17 Gateway-to-hosting. indo. net. id (187.209.251.31) 641.612 ms 587.980 ms 590.526 ms
18 Quick-Serial-b. indo. net. id (187.209.251.2) 869.458 ms 669.086 ms 608.886 ms
19 187.209.251.38 (187.209.251.38) 620.897 ms 643.124 ms 588.700 ms
"See that dot-ID at the end of those last few lines? Each country has its own code. CA for Canada, UK for the United Kingdom, and so forth. ID means Indonesia."
"Indonesia is a big place," she said doubtfully.
"So it is," I said. "Let's see if we can't zoom in a little." I typed in: whois 187.209.251.38 and the computer responded
IP Address: 187.209.251.38
Server Name: WWW.JUARAPARTEMA.COM
Whois Server: whois. domaindiscover. com
"What's that?

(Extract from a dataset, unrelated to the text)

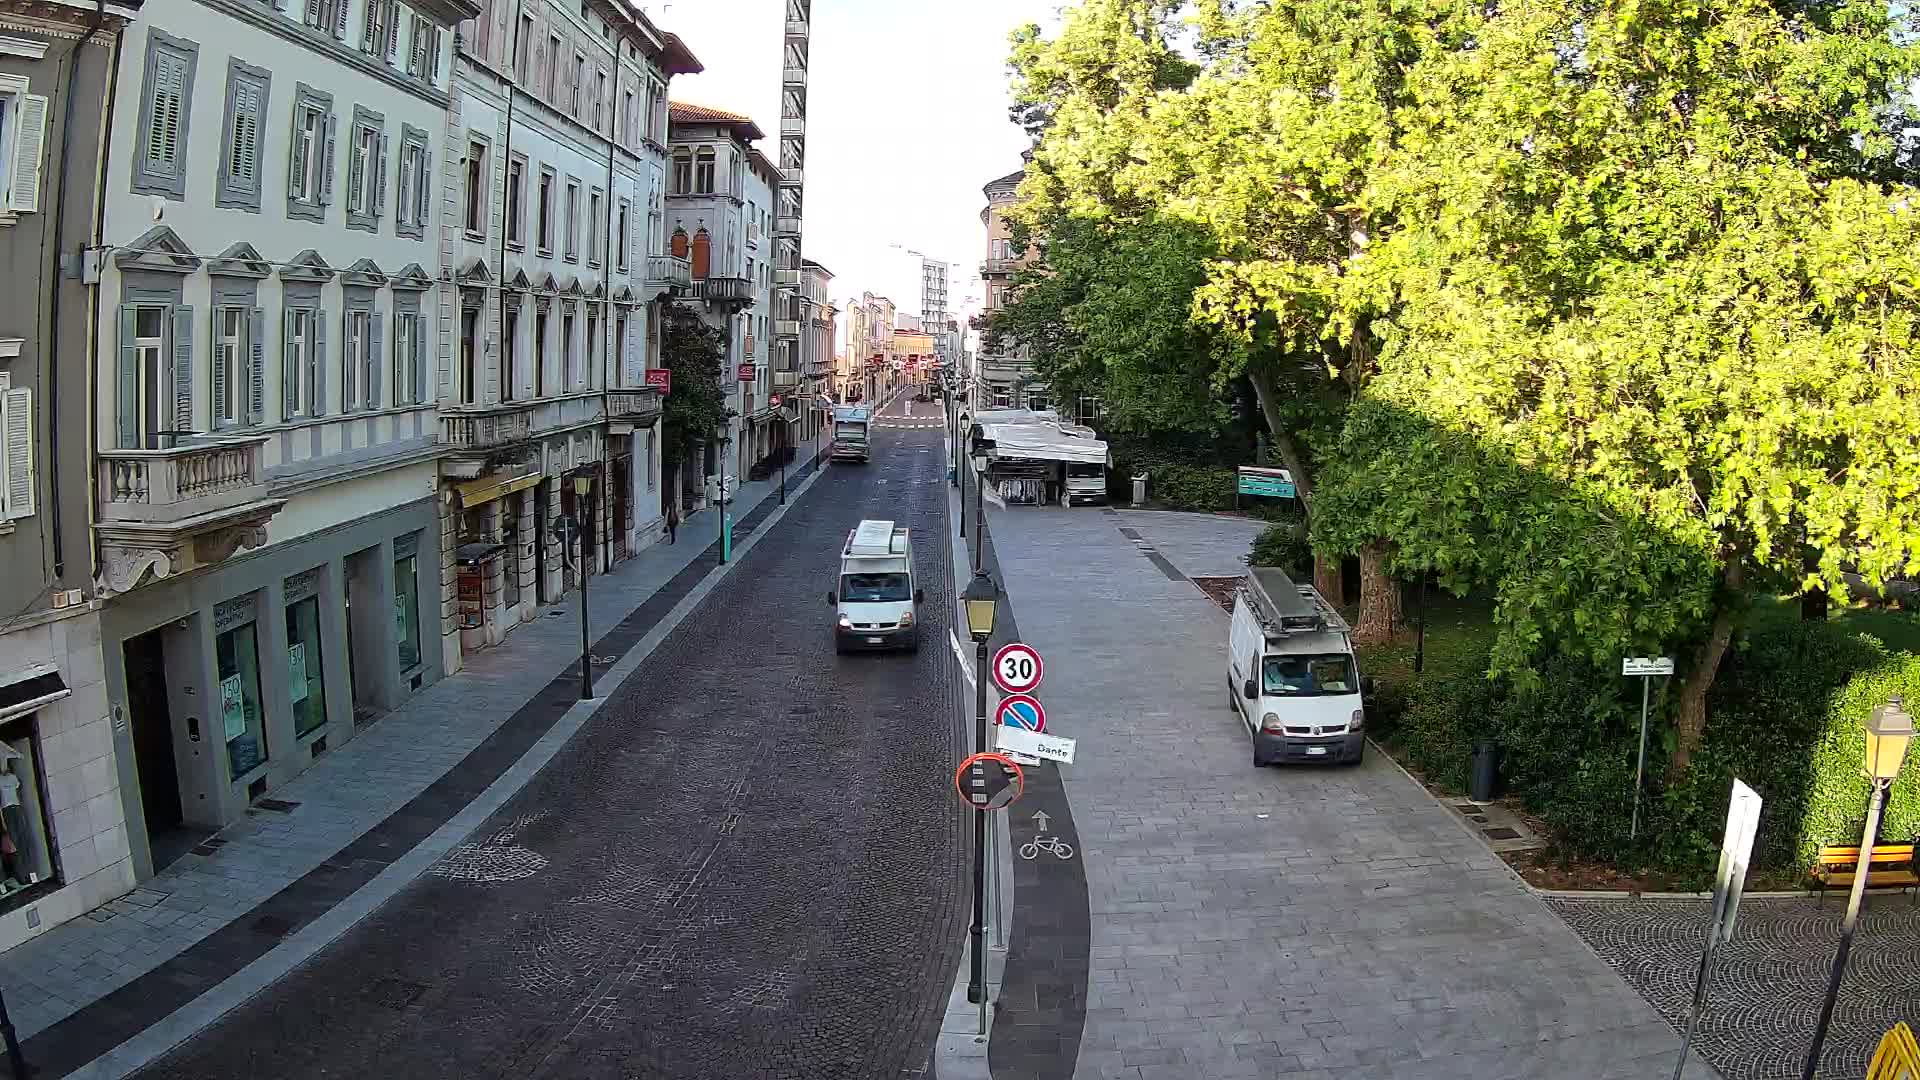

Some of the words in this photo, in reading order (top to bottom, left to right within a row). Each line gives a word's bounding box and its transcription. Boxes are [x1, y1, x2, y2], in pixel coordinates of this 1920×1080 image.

Whois?" Talena asked.
"Basically it goes out and gets the name that goes with the IP number," I said. "If any."
"Computers have names?"
"Kind of," I said. "Between each other they just use the IP number, but they figured out a long time ago that that would be hard for people to remember, so there's a system called the Domain Name Service that matches names to numbers. So you can just type in lonelyplanet-dot-com instead of sixty-four dot two-eleven and so forth."
"How does that work?" she asked. "Is there a big white pages or something?"

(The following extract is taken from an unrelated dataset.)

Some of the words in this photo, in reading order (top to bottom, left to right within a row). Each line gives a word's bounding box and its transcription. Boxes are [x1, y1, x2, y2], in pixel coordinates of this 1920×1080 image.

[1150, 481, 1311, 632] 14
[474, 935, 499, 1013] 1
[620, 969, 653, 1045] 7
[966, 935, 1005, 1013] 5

"Pretty much," I said. "It's a complicated descending hierarchy, but basically there's thirteen really big computers that work as the master white pages. What this just told us is that the name we're looking for is juarapertama. com, and that it was registered by a company called domaindiscover. com. Registration's turned into this big complicated mess, but basically if we go there we should be able to find out more… "
I navigated to domaindiscover. com and searched for juarapartema. com: whois: juarapartema. com
Administrative Contact, Technical Contact, Zone Contact:
Mak Hwa Sen
Internet World Cafe
Kuta Beach, Bali, DKI 33620, ID
[82] 29 9210421 root@juarapartema. com
"Gotcha," I said. "Kuta Beach, Bali. Now what the hell are you doing there?"

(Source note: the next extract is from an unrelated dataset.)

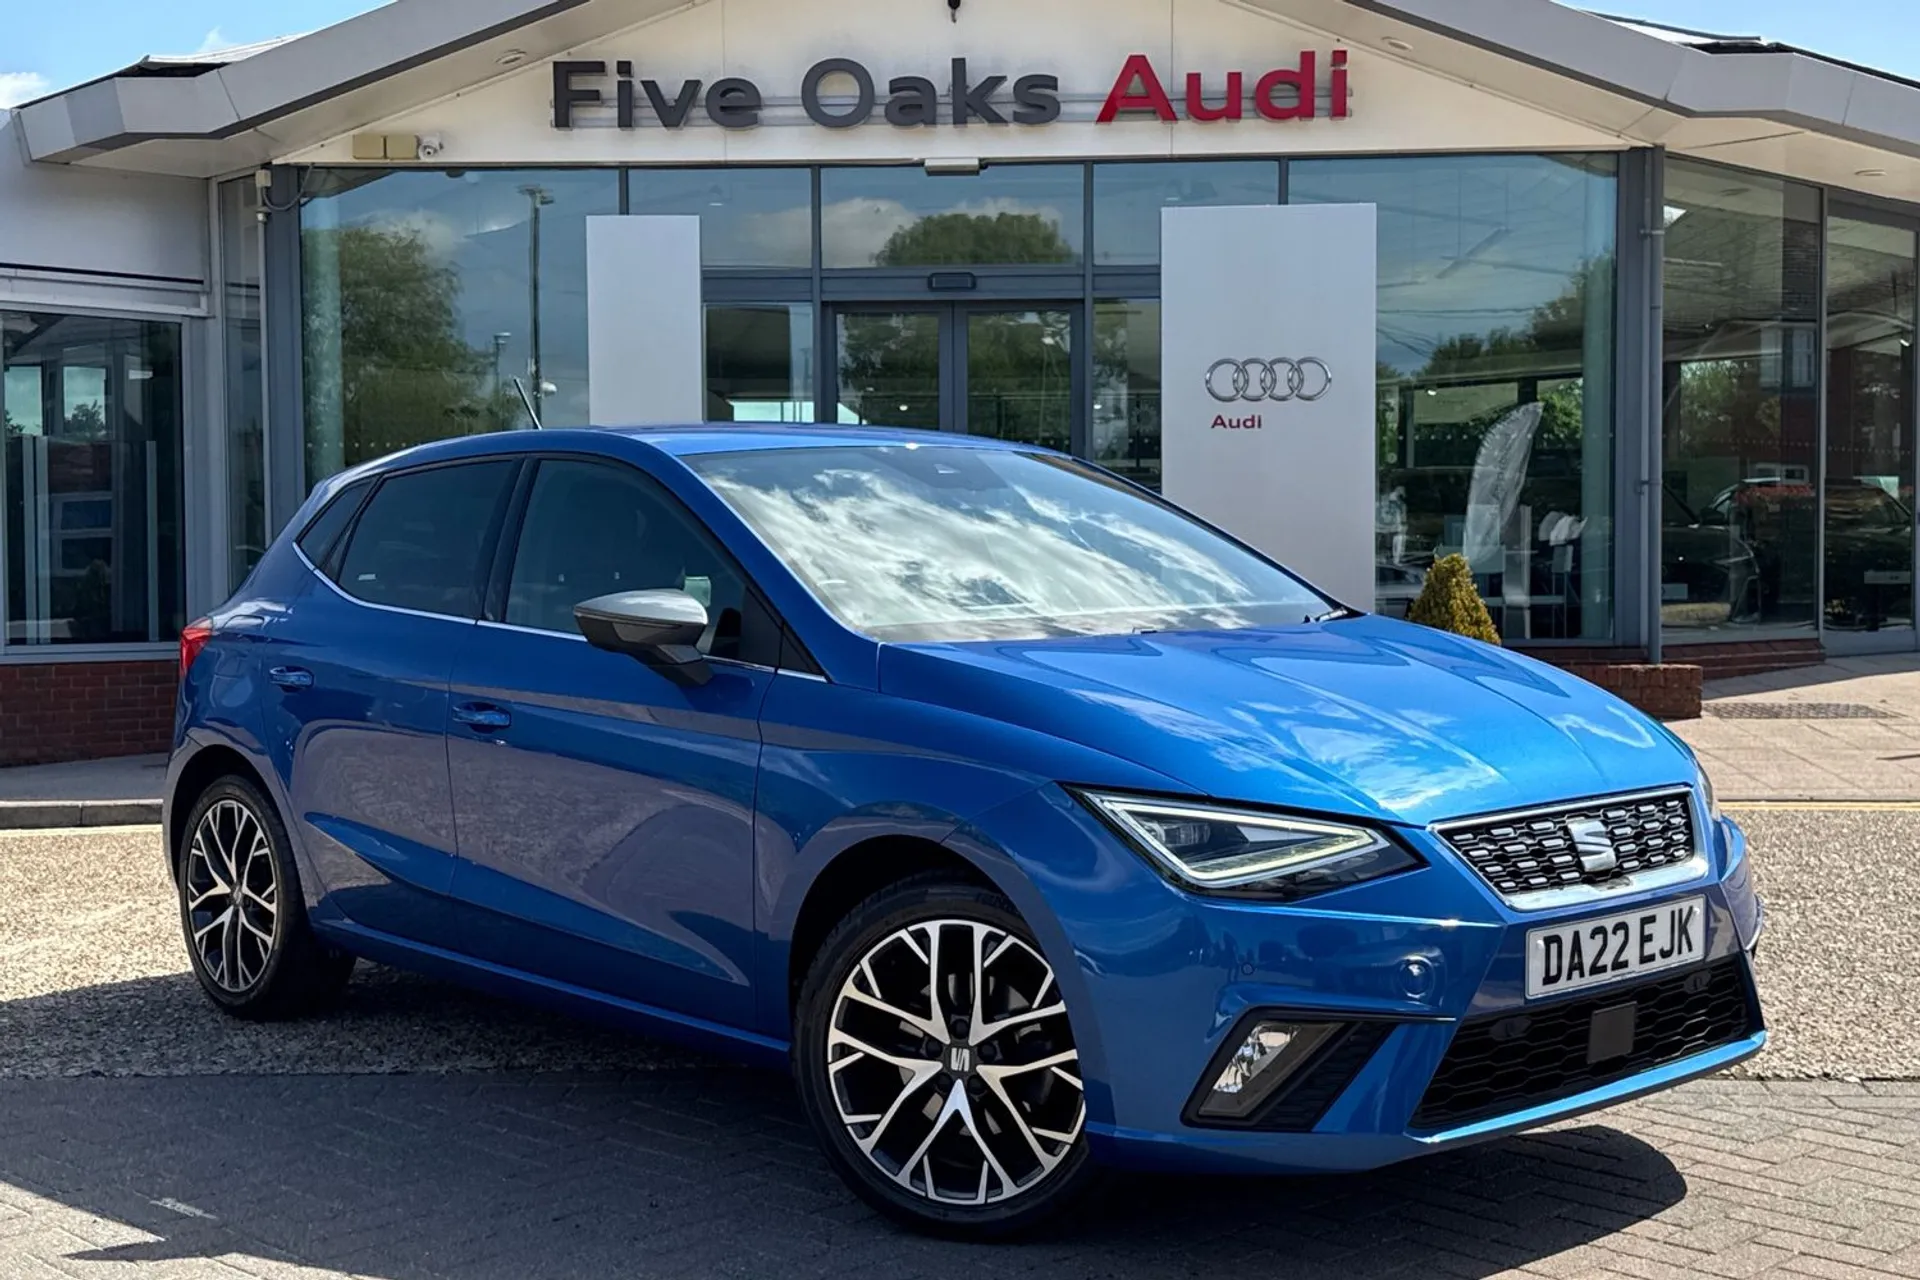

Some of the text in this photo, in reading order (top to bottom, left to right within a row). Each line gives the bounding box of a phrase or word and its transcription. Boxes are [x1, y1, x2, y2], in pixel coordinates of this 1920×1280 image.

[553, 50, 1348, 130] Five Oaks Audi
[1210, 414, 1262, 429] Audi
[1542, 905, 1694, 986] DA22 EJK

"Let's take a break," she said. "I'll take that drink now."
"Okay," I said. She followed me out to the kitchen. I opened the fridge and glanced in. "I've got beer and… um… water."
She laughed.
"I just got back from traveling," I said defensively.
"Yes," she said, "and you're a guy."
"I do have some Glenfiddich," I said, remembering that she drank Scotch.
"You do? Then you're playing my song."
I drizzled some nectar of the gods over ice for both of us and we sat down on the couch. I felt surprisingly comfortable next to her. I'd never been able to relax around beautiful women, every moment I spent near them felt like part of a high-stakes job interview, but with Talena I felt perfectly at ease.
"It's a little scary that you can do this," she said. "So everything everyone does on the Web can be tracked down?"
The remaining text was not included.